Humanity in the 21st century — what is our new frontier? You could say it’s technology, but in many ways we’ve mastered that already. We can create pretty much anything we can conceive of in the way of gadgets large and small, simple and complex. If we haven’t done it yet, we’re working on it; and if we haven’t thought of it yet, it’s only a matter of time before we do.
Our challenge is to exist as healthy, harmonious, self-determined humans within the new virtual world shaped by our technology. Who is in charge here? What determines the sensory inputs of my day? Who determines those? My postage-stamp backyard yet breathes with the quiet and quickening rhythms of nature, a surprising variety when I can be still enough to observe. But my attention is mostly riveted to a screen, which is often streaming with messages and images sequenced and juxtaposed with relentless randomness or actual intent to befuddle. Either way, I am multi-tasking my way to not doing anything vital at all, if I’m not careful.
Click, play, watch, listen, comment, like, friend, invite, meet-up, tweet, retweet, blog, reblog, send, check, send, check, send, check, like, like, like. Thoughts are involved, relationships, ideas and information. But the intriguing stuff is getting sliced and diced into thinner and more mixed-up segments all the time. The mixing up of inputs is as troublesome as the speed and brevity of them.
In previous centuries, artist-scientists turned their attention to the natural world. True, they and all of humanity had always existed within it, but the organizing thoughts of civilization had previously focused on spiritual ideas about supernatural forces that directed human activity. Our inquisitive types decided to look to the evidence of the natural world for insight into the way things actually worked. They began to carefully document their observations in pictures and words. These could be compared and studied with a degree of objectivity; theories derived; suppositions tested; and future effects predicted. Artistic expression and scientific exploration have always been with us, inherent inclinations of the human mind that cannot be suppressed. Once we woke up to the patterns and processes of the natural world in which we exist, there would be no going back. We came to a broad consensus about “the real world” and, with or without lingering spiritual feelings, we have been living in it ever since.
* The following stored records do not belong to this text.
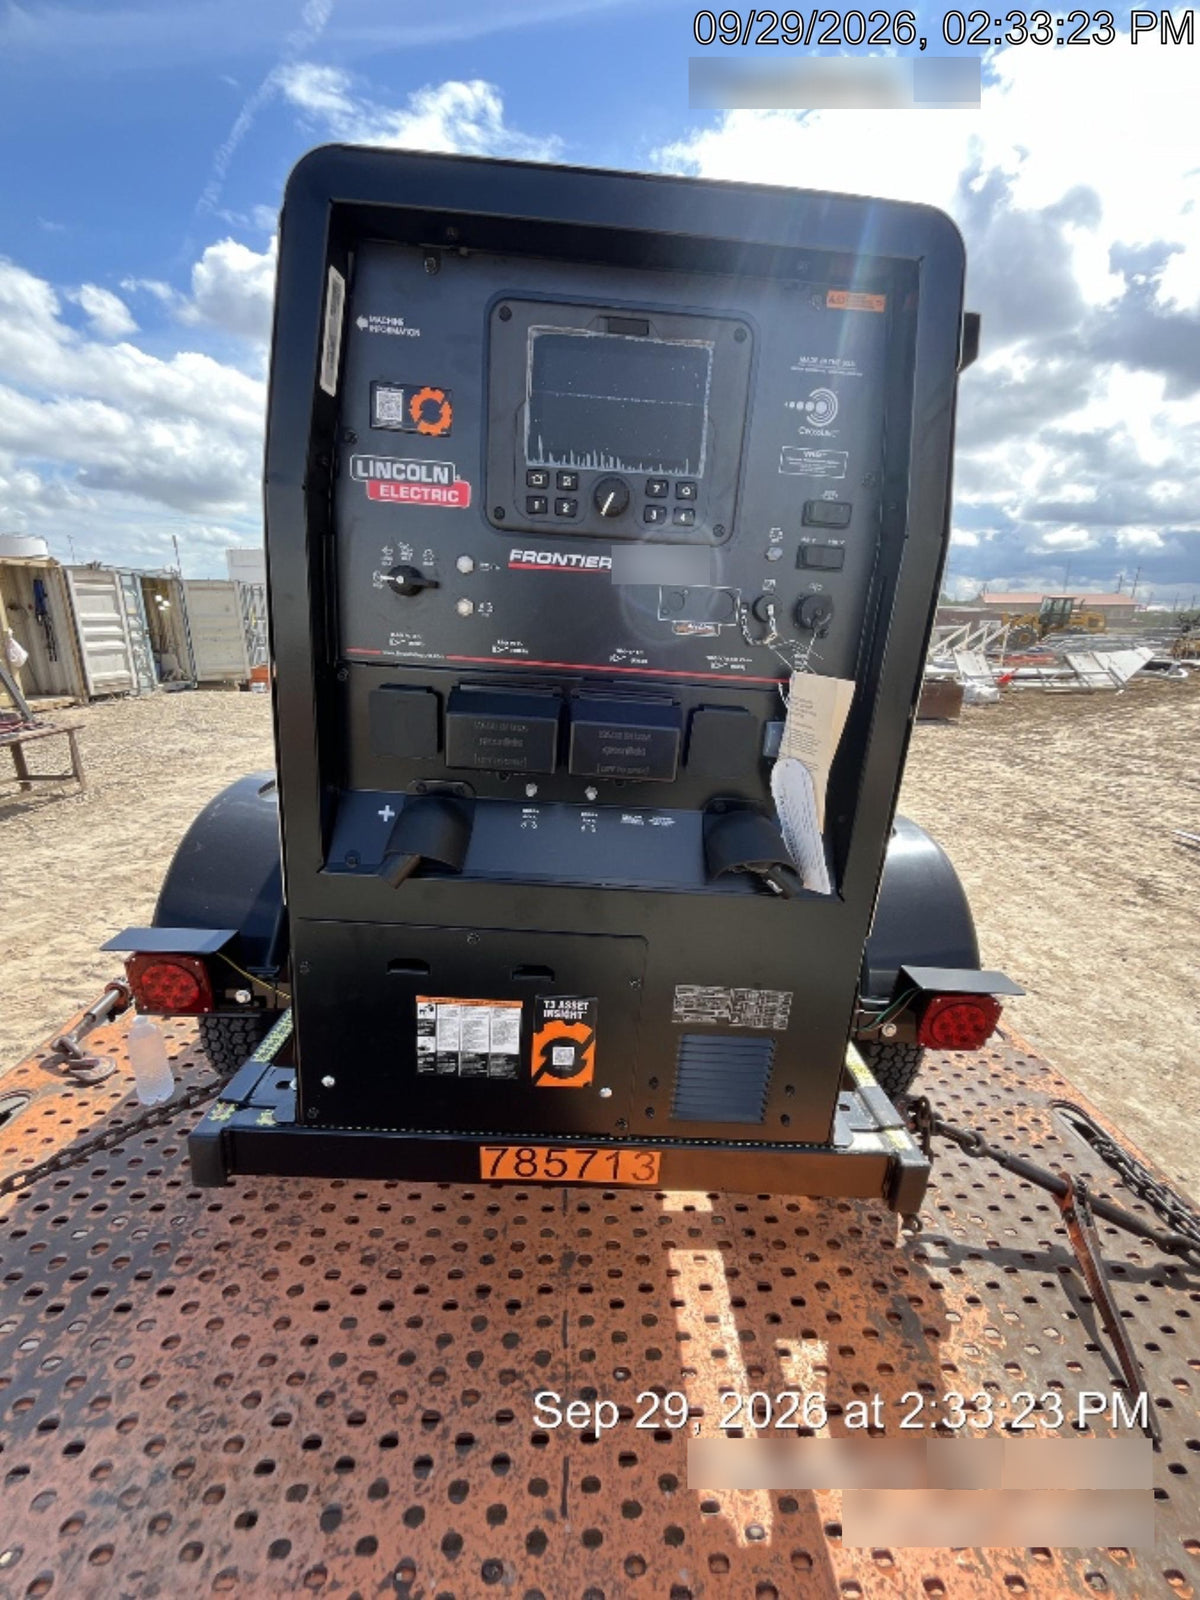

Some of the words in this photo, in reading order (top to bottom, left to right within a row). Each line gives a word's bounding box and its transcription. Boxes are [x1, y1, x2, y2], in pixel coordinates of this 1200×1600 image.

[357, 460, 449, 484] LINCOLN
[379, 484, 460, 503] ELECTRIC
[509, 549, 612, 569] FRONTIER
[543, 1000, 556, 1010] T3
[558, 1000, 589, 1012] ASSET
[543, 1009, 584, 1020] INSIGHT
[485, 1148, 656, 1181] 785713
Until lately. Now we are in a virtual world. Not the stuff of spirits but of bits – magic of another sort. It has its own lore and legend, priests and rituals, cults and sects (and lots and lots of sex). The deciders of culture would like to establish their current power as unassailable by shaping the way the memes are streamed and making that seem inevitable. (“Every drama on TV includes gun violence because that’s what the viewers want – look at these ratings…”) They widened a country lane to a highway and now feel entitled to send any and every piece junk down it that they please, followed by a parade telling us how much we liked it.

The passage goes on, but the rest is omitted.